EXERCISE INSTRUCTIONS: A word-for-word copy of every entry below is required; the images do not belong in it.

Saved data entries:
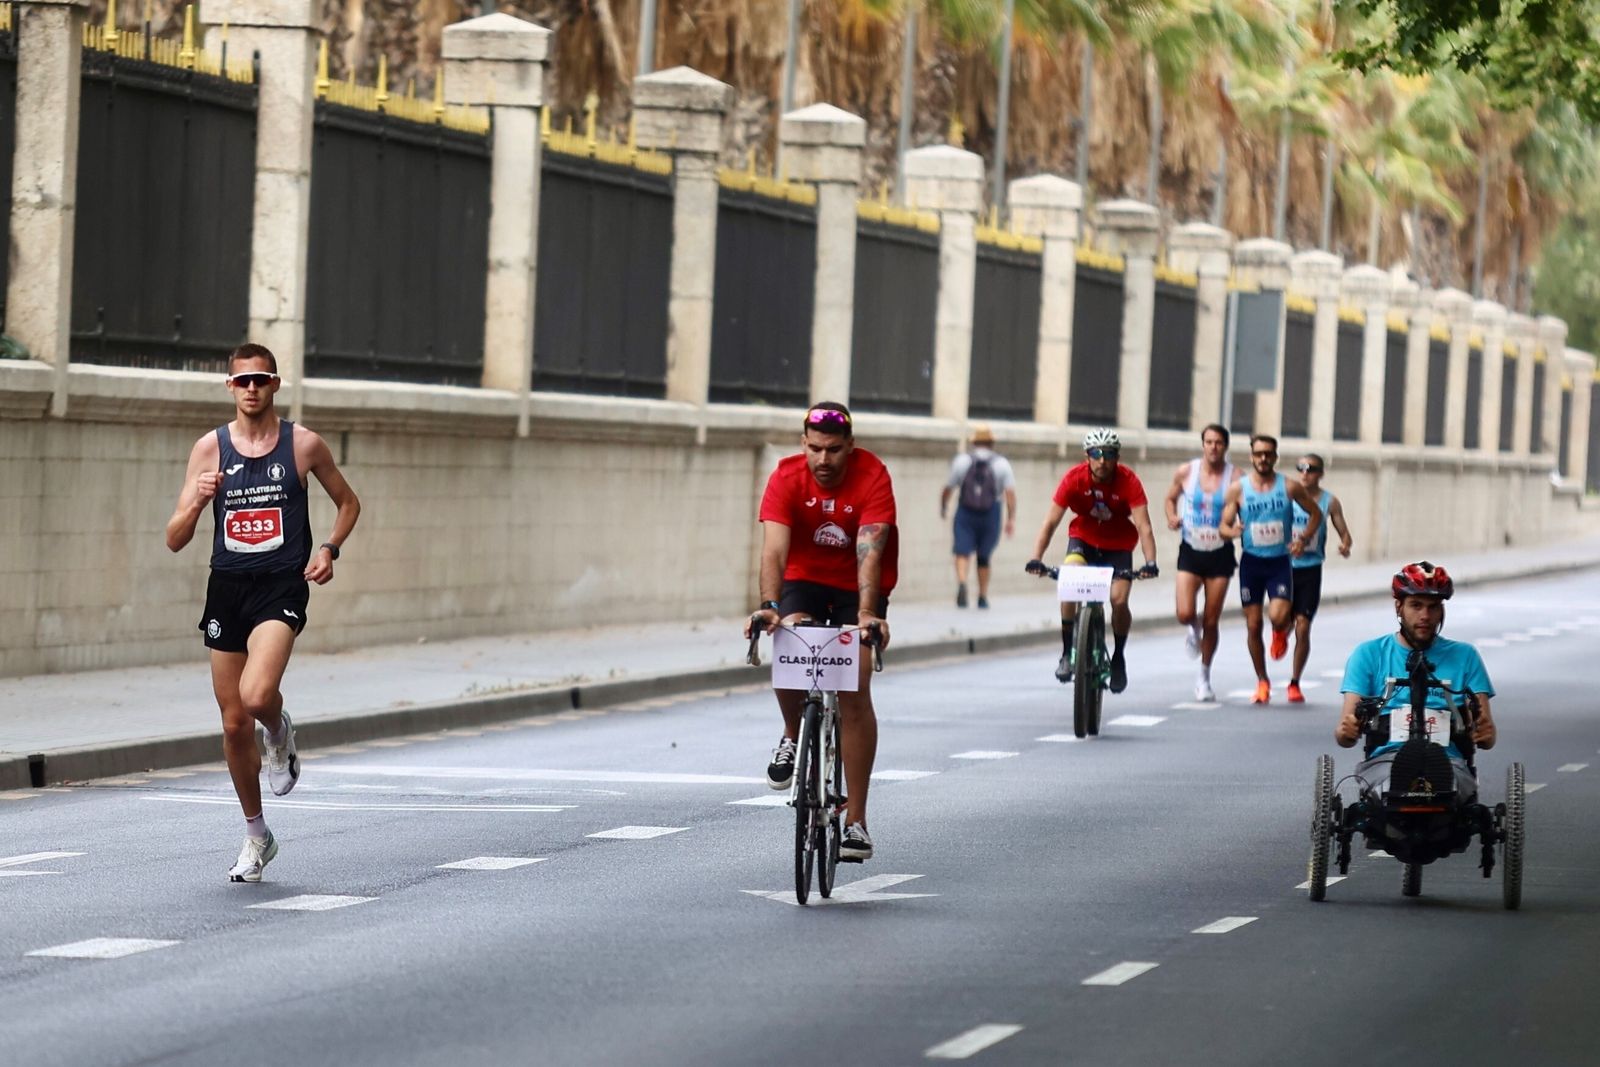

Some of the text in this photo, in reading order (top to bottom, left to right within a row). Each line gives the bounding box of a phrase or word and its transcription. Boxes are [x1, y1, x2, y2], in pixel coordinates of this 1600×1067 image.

[226, 485, 283, 498] CLUB ATLETISMO
[231, 519, 275, 533] 2333
[779, 655, 853, 666] CLASIFICADO
[806, 668, 825, 677] 5 K
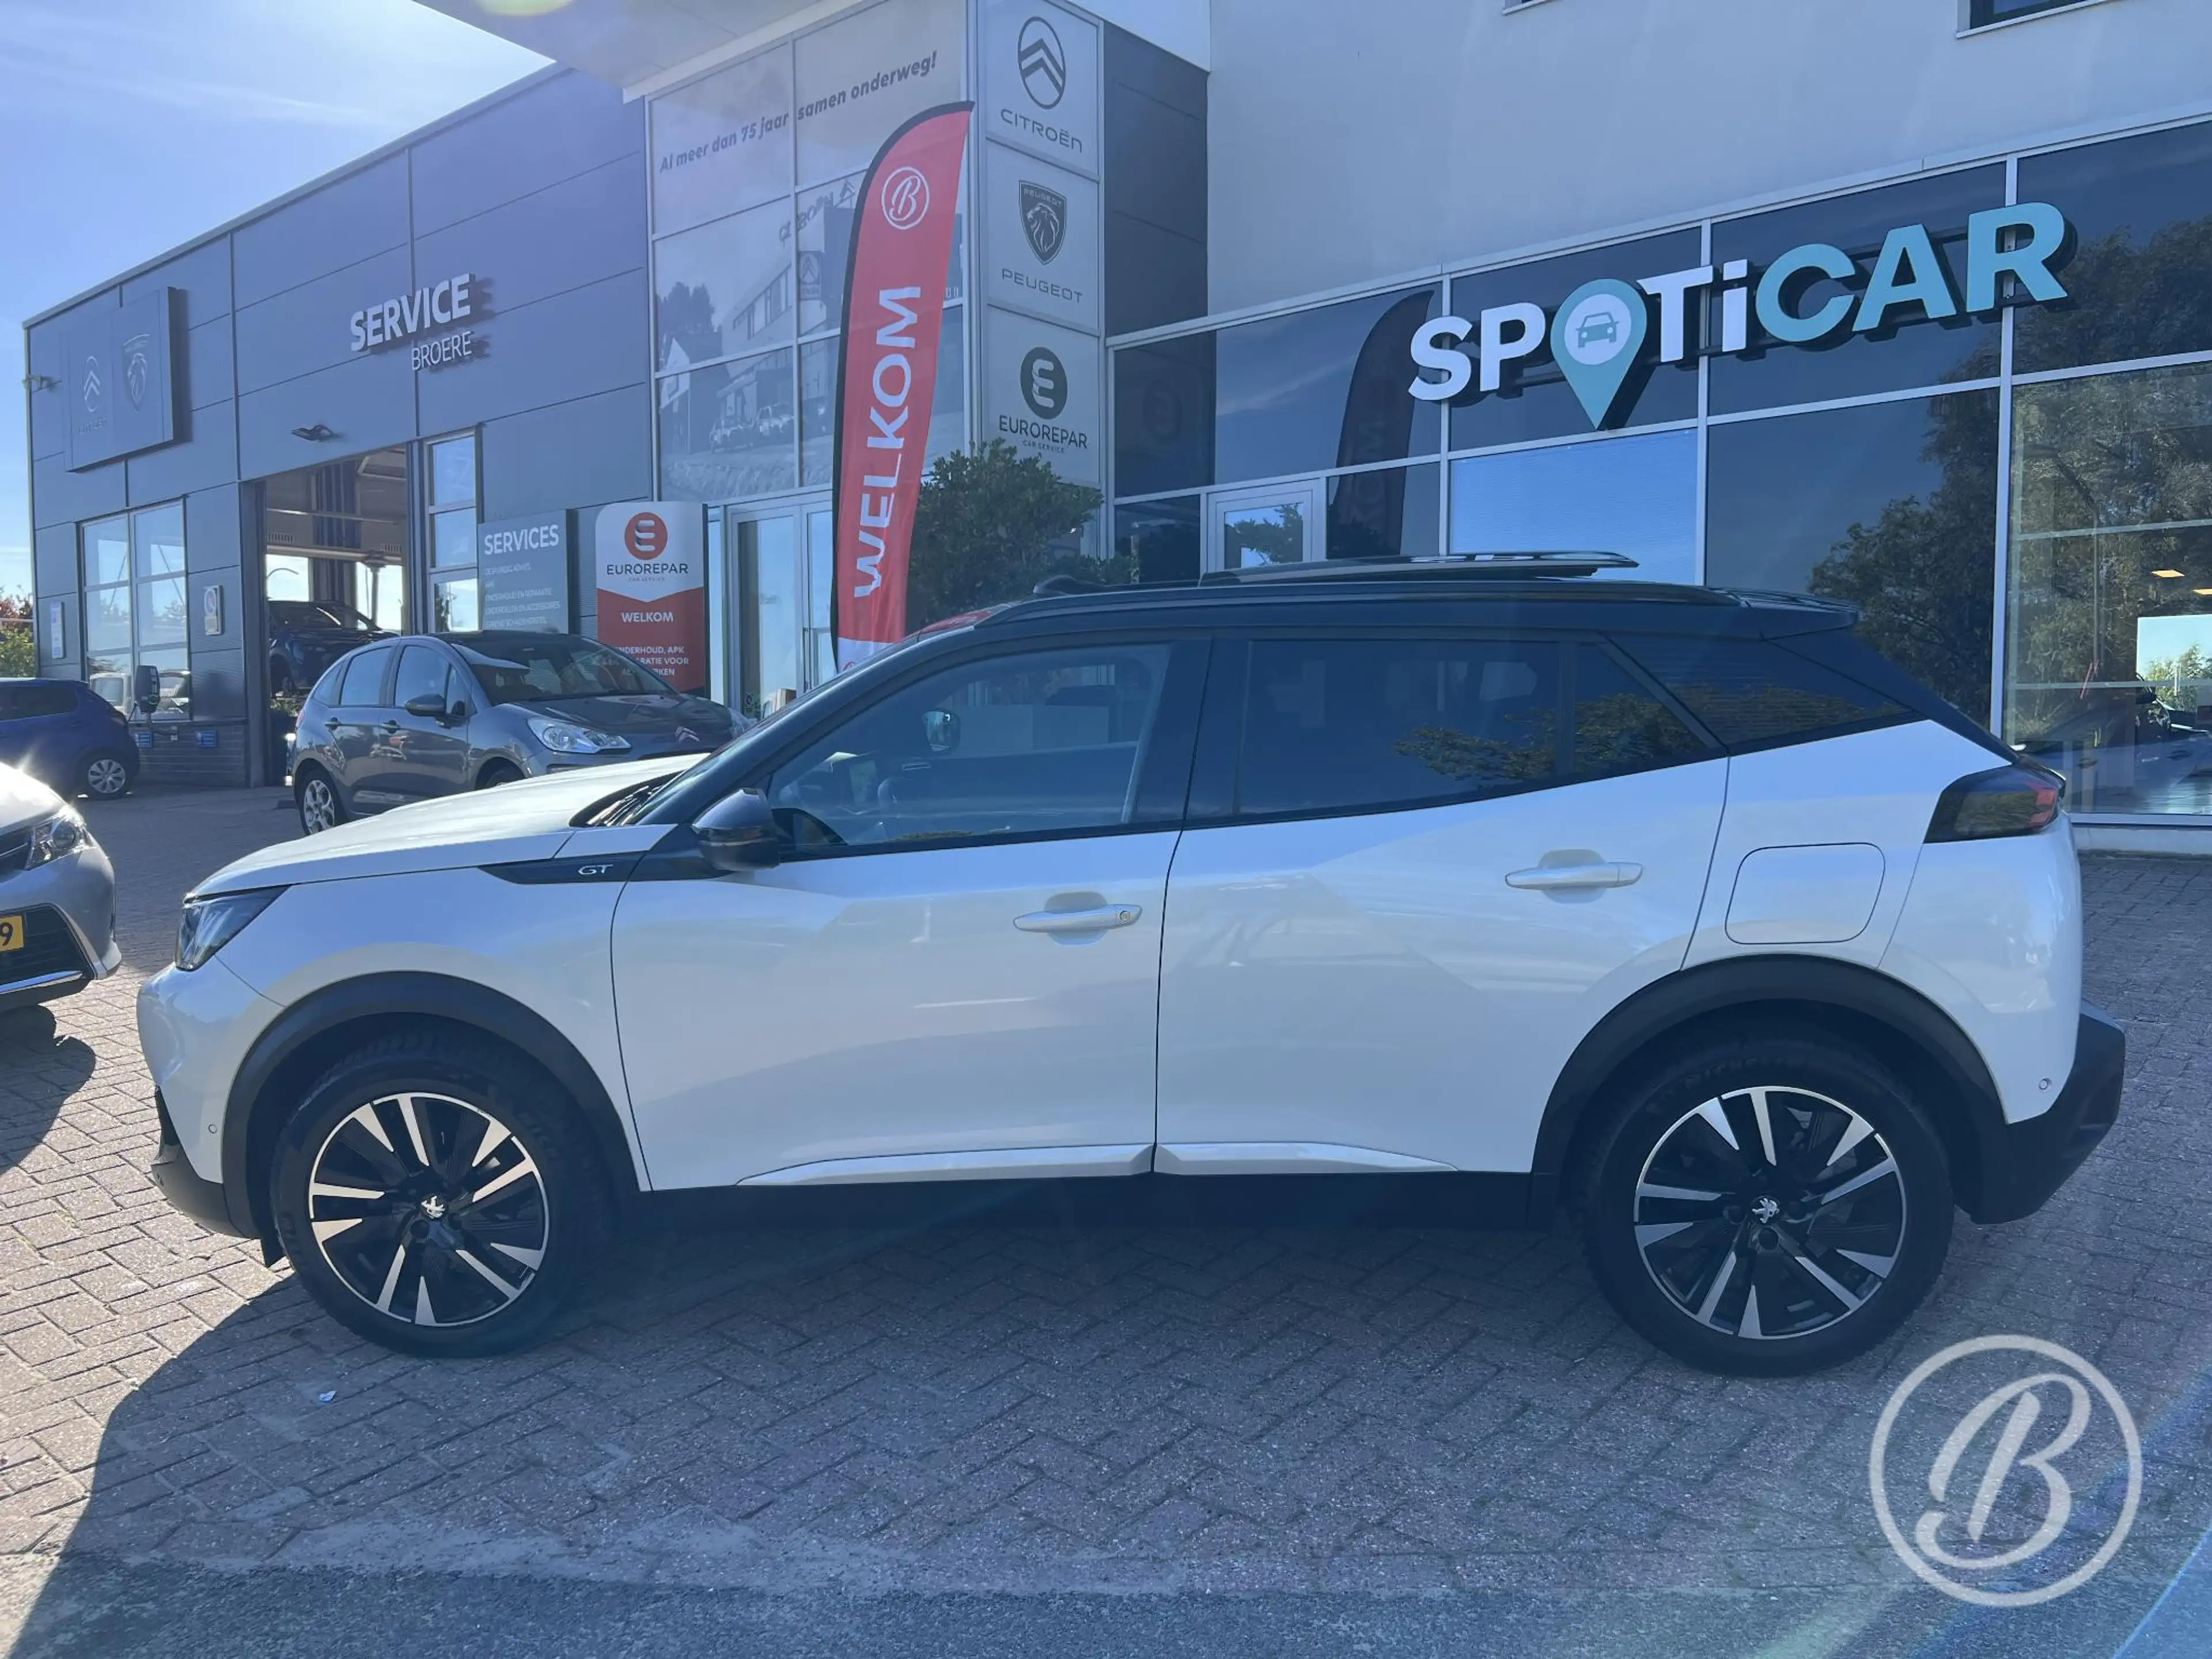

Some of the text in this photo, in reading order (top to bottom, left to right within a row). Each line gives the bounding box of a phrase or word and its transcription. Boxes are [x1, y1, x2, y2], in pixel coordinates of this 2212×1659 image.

[660, 50, 937, 173] Al meer dan 75 jaar samen onderweg!
[1002, 268, 1084, 303] PEUGEOT
[350, 273, 471, 351] SERVICE
[411, 331, 472, 371] BROERE
[854, 286, 921, 597] WELKOM
[999, 415, 1088, 449] EUROREPAR
[484, 524, 559, 555] SERVICES
[607, 563, 688, 575] EUROREPAR
[621, 612, 674, 623] WELKOM
[615, 646, 684, 654] NDERHOUD, APK
[578, 864, 613, 875] GT
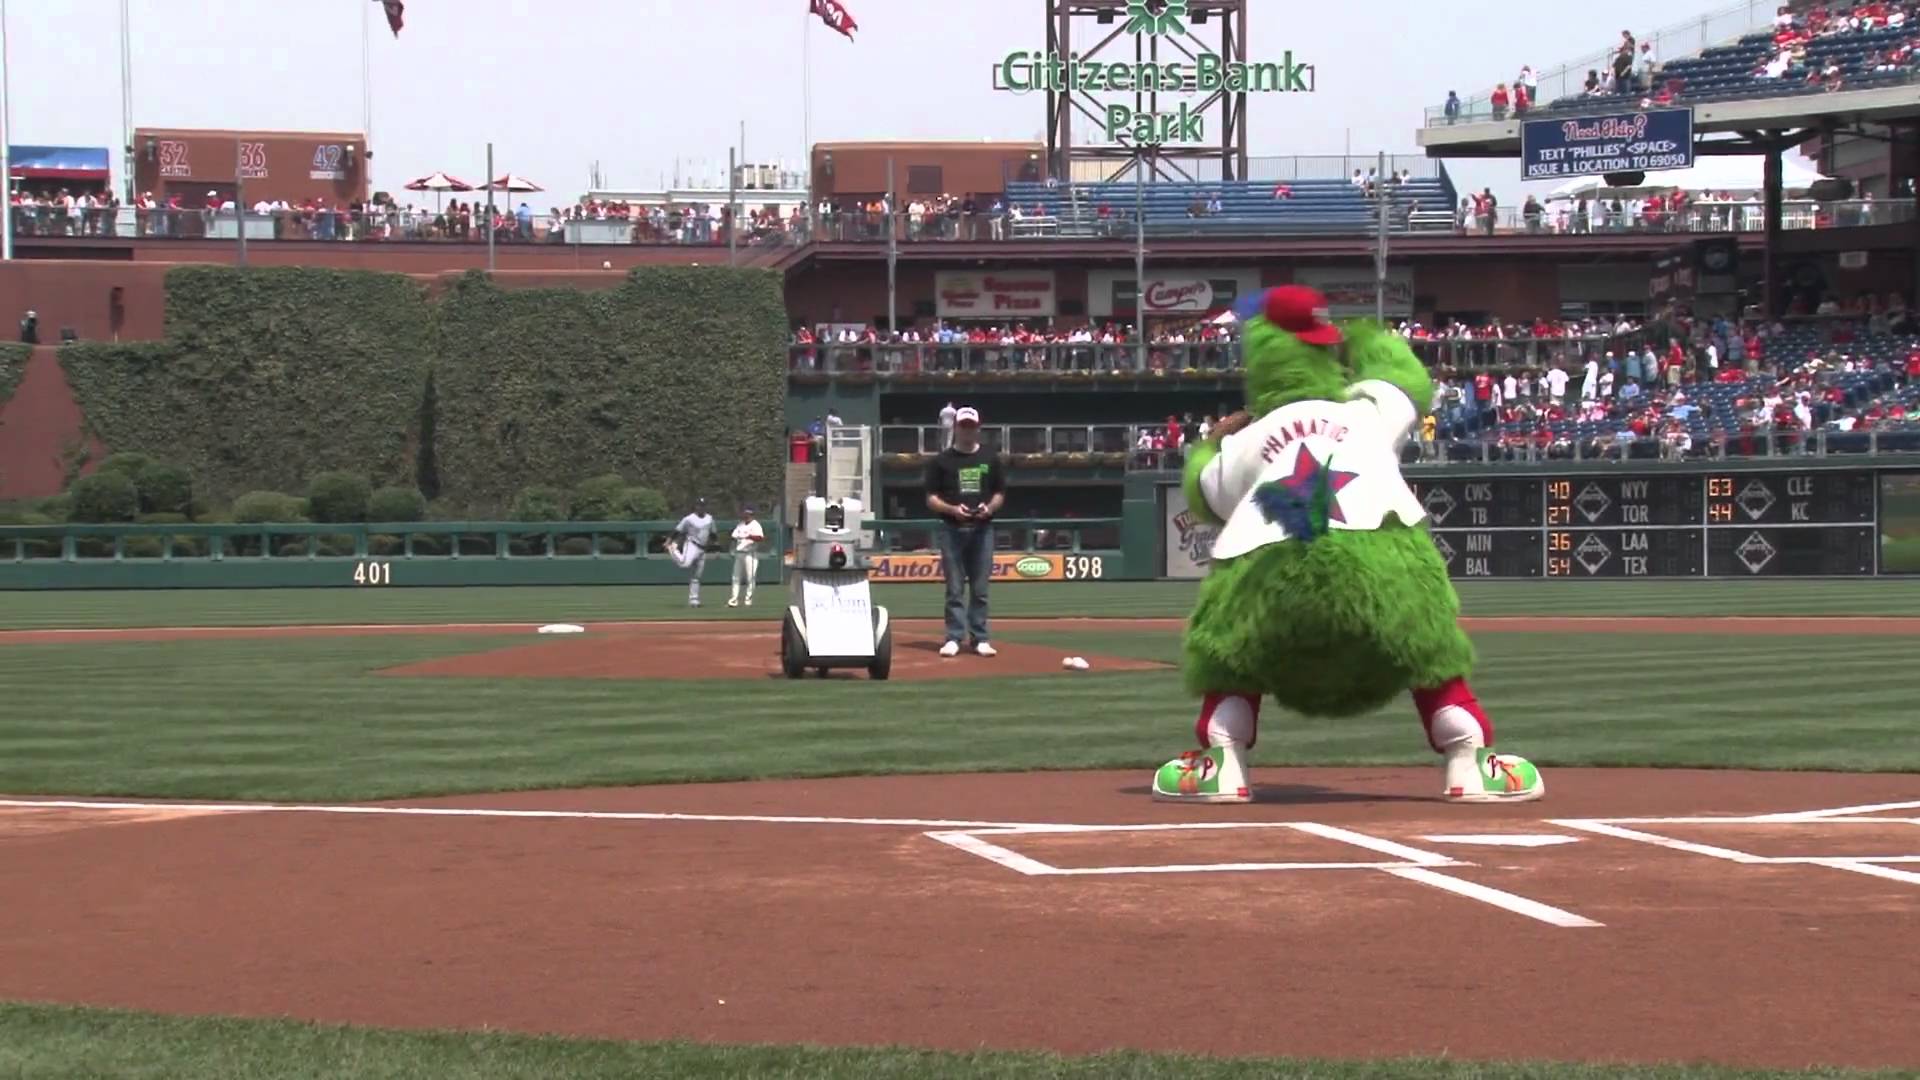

ANSWER SPACE:
Some of the text in this photo, in reading order (top to bottom, left to right within a row). Each line gives the bounding box of a phrase or word and its transcription. Boxes are [x1, y1, x2, y2], in pixel coordinates of this 1600×1067 image.

[226, 485, 283, 498] CLUB ATLETISMO
[231, 519, 275, 533] 2333
[779, 655, 853, 666] CLASIFICADO
[806, 668, 825, 677] 5 K

Some of the text in this photo, in reading order (top to bottom, left to right within a row). Each line gives the bounding box of a phrase or word and its transcription. Boxes are [x1, y1, x2, y2], in pixel coordinates of this 2212×1659 image.

[660, 50, 937, 173] Al meer dan 75 jaar samen onderweg!
[1002, 268, 1084, 303] PEUGEOT
[350, 273, 471, 351] SERVICE
[411, 331, 472, 371] BROERE
[854, 286, 921, 597] WELKOM
[999, 415, 1088, 449] EUROREPAR
[484, 524, 559, 555] SERVICES
[607, 563, 688, 575] EUROREPAR
[621, 612, 674, 623] WELKOM
[615, 646, 684, 654] NDERHOUD, APK
[578, 864, 613, 875] GT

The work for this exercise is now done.